Work instruction
Whenever a picture appears in the records, exclude it, and transcribe everything else exactly.

Supplied data
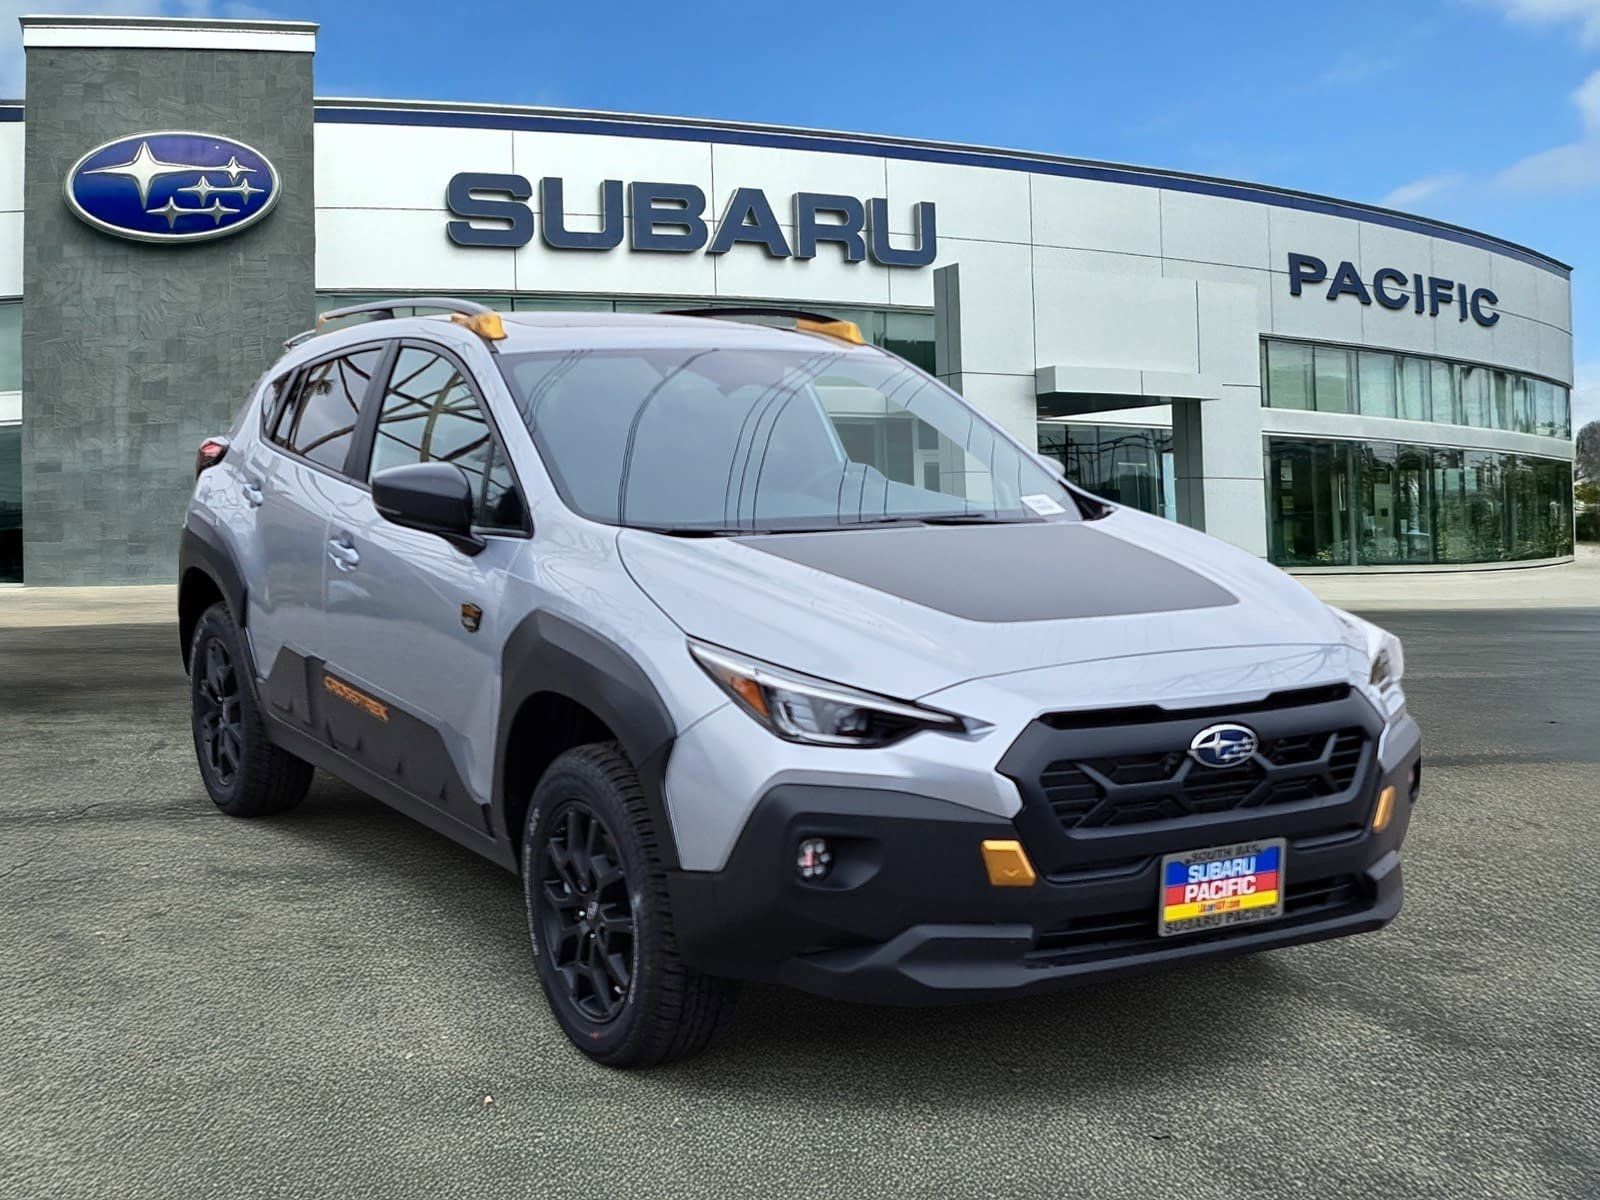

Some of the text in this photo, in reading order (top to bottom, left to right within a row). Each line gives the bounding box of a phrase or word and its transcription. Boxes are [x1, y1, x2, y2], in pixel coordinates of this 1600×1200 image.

[446, 171, 937, 268] SUBARU
[1287, 251, 1500, 328] PACIFIC
[1184, 875, 1257, 904] PACIFIC
[1187, 854, 1257, 884] SUBARU

Exercise output
Some of the text in this photo, in reading order (top to bottom, left to right within a row). Each line gives the bounding box of a phrase or word and its transcription. Boxes are [x1, y1, x2, y2], in pixel coordinates of this 1600×1200 image.

[446, 171, 937, 268] SUBARU
[1287, 251, 1500, 328] PACIFIC
[1184, 875, 1257, 904] PACIFIC
[1187, 854, 1257, 884] SUBARU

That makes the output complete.